WHAT YOU ARE ASKED TO DO: Since the pictures are not wanted, copy only the text of every record exactly.

THE DATA:

:::

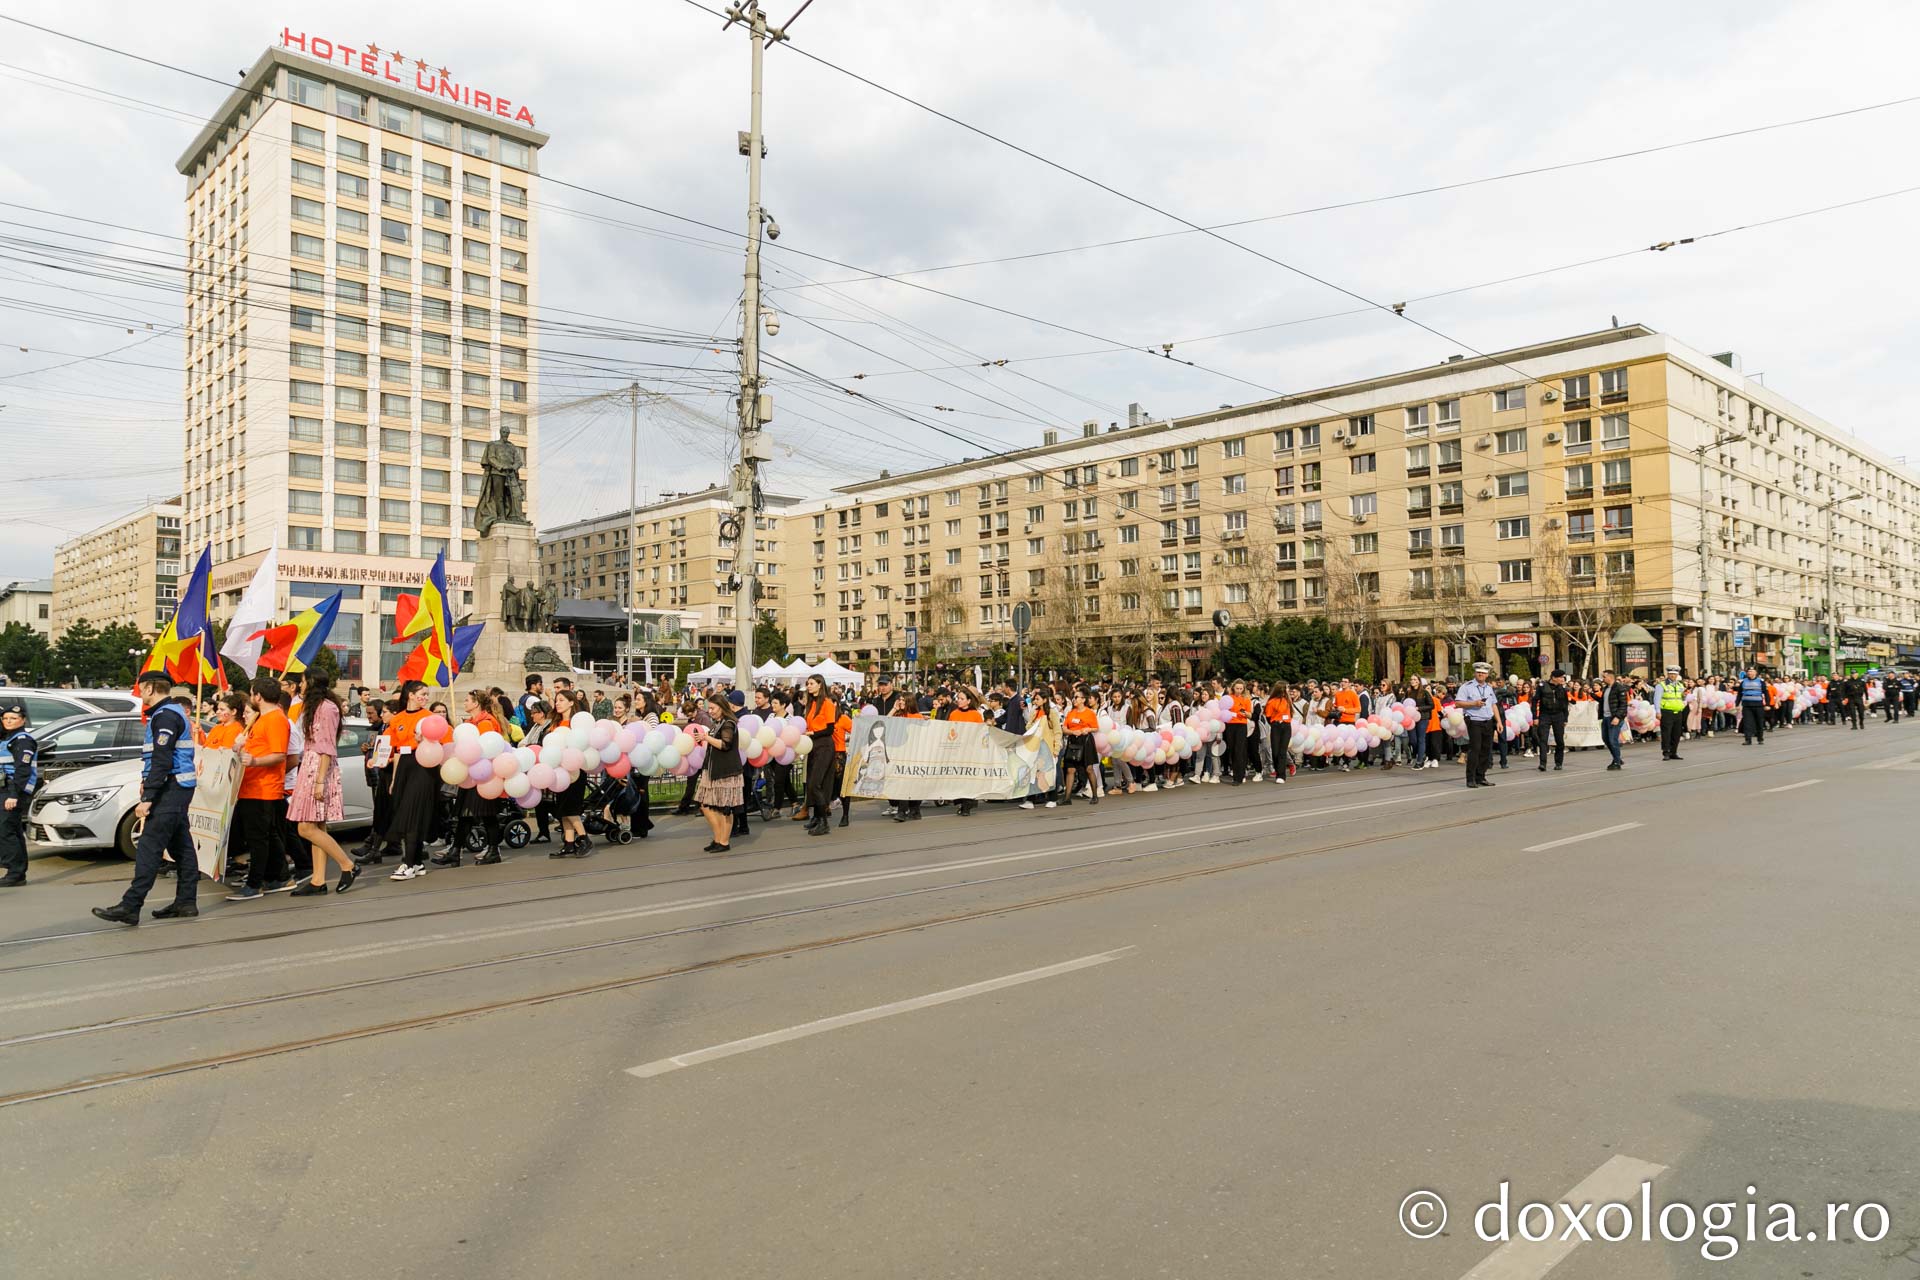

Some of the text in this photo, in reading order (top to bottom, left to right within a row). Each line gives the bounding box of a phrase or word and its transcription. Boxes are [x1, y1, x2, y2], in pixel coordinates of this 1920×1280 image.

[283, 26, 535, 127] HOTEL UNIREA
[1734, 618, 1744, 631] P
[940, 766, 980, 777] PENTRU
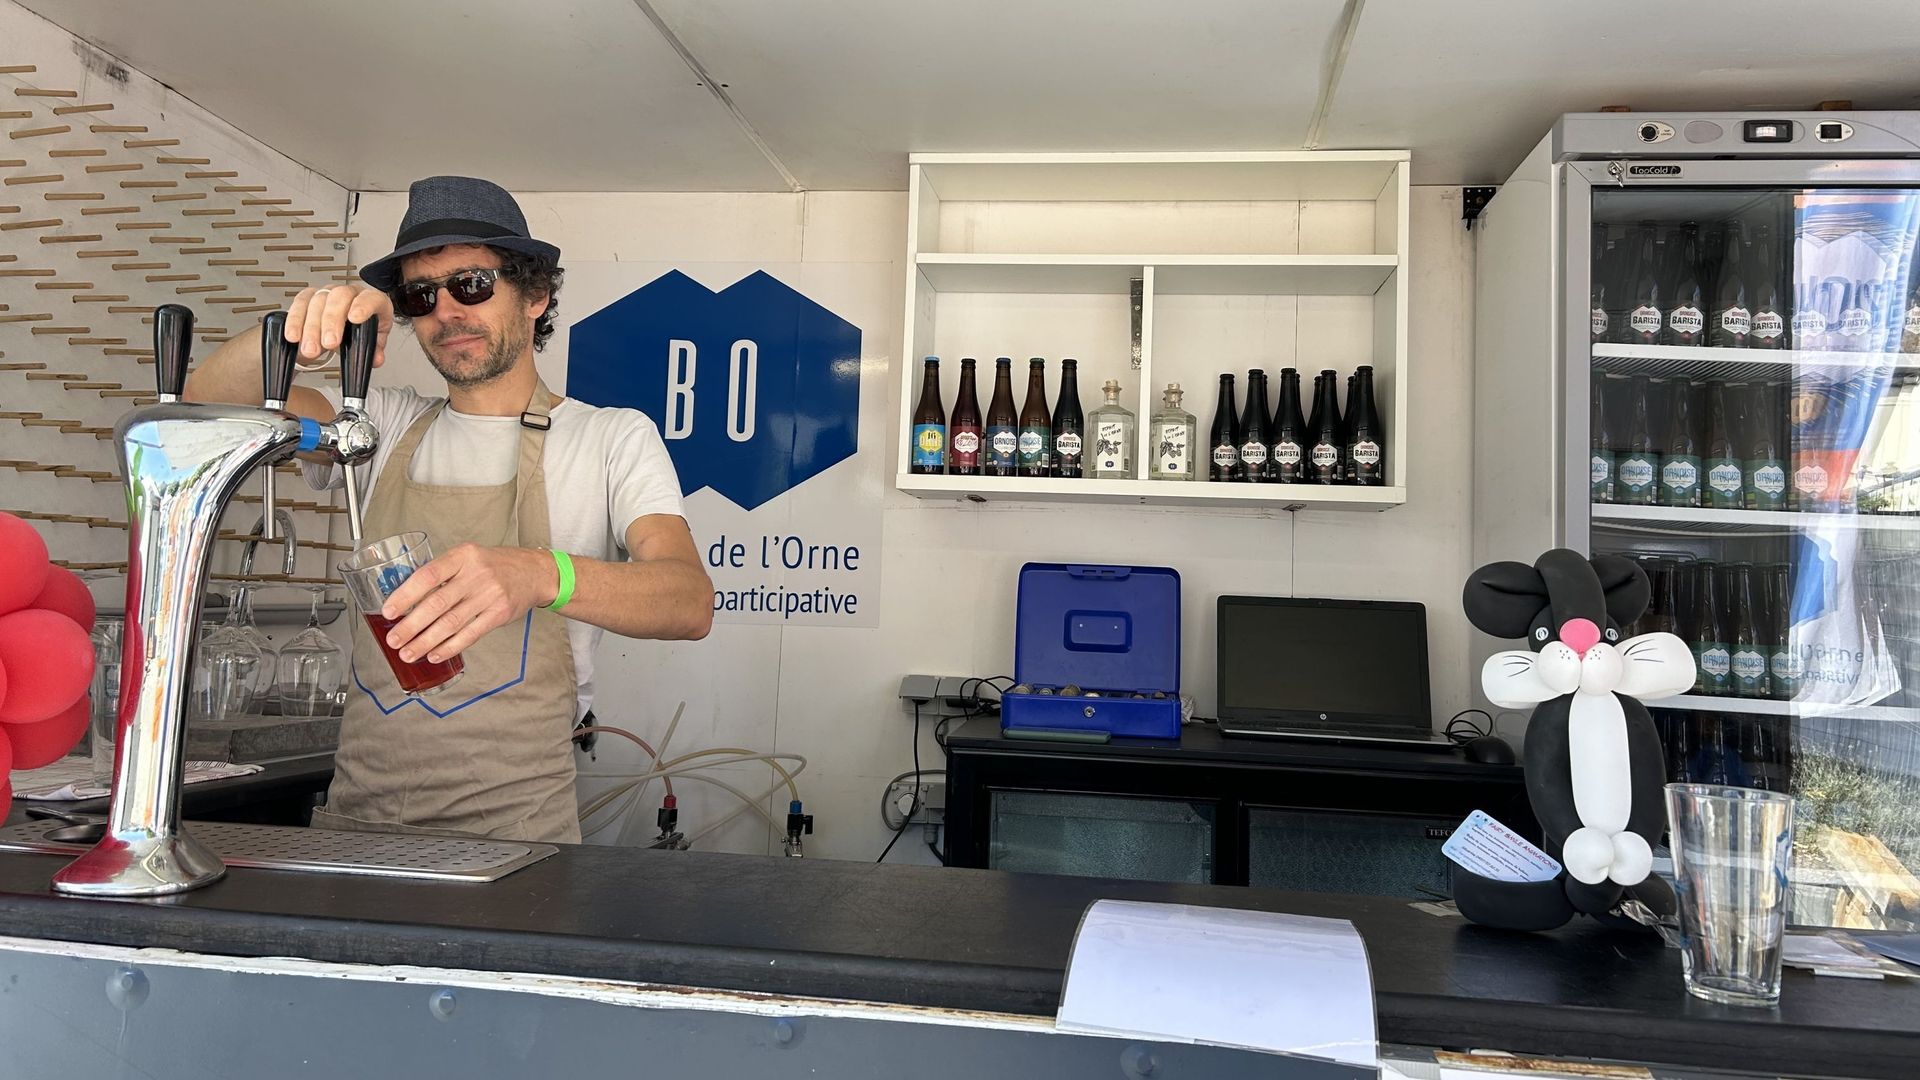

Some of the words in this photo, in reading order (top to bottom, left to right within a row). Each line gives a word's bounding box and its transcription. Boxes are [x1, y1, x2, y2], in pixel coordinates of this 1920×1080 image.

[1632, 316, 1660, 325] BARISTA
[1671, 316, 1703, 326] BARISTA
[1724, 317, 1750, 327] BARISTA
[1793, 319, 1824, 330] BARISTA
[1751, 322, 1781, 331] BARISTA
[664, 339, 697, 440] B
[726, 339, 758, 443] O
[1057, 440, 1081, 449] BARISTA
[1215, 453, 1237, 461] BARISTA
[1242, 450, 1266, 458] BARISTA
[1276, 450, 1300, 458] BARISTA
[1313, 452, 1336, 460] BARISTA
[1354, 449, 1379, 458] BARISTA
[709, 535, 745, 568] de
[761, 535, 860, 571] l'Orne

:::

ANSWER TO THIS EXERCISE:
Some of the text in this photo, in reading order (top to bottom, left to right within a row). Each line gives the bounding box of a phrase or word and its transcription. Boxes are [x1, y1, x2, y2], in pixel coordinates of this 1920×1280 image.

[283, 26, 535, 127] HOTEL UNIREA
[1734, 618, 1744, 631] P
[940, 766, 980, 777] PENTRU

Some of the words in this photo, in reading order (top to bottom, left to right within a row). Each line gives a word's bounding box and its transcription. Boxes are [x1, y1, x2, y2], in pixel coordinates of this 1920×1080 image.

[1632, 316, 1660, 325] BARISTA
[1671, 316, 1703, 326] BARISTA
[1724, 317, 1750, 327] BARISTA
[1793, 319, 1824, 330] BARISTA
[1751, 322, 1781, 331] BARISTA
[664, 339, 697, 440] B
[726, 339, 758, 443] O
[1057, 440, 1081, 449] BARISTA
[1215, 453, 1237, 461] BARISTA
[1242, 450, 1266, 458] BARISTA
[1276, 450, 1300, 458] BARISTA
[1313, 452, 1336, 460] BARISTA
[1354, 449, 1379, 458] BARISTA
[709, 535, 745, 568] de
[761, 535, 860, 571] l'Orne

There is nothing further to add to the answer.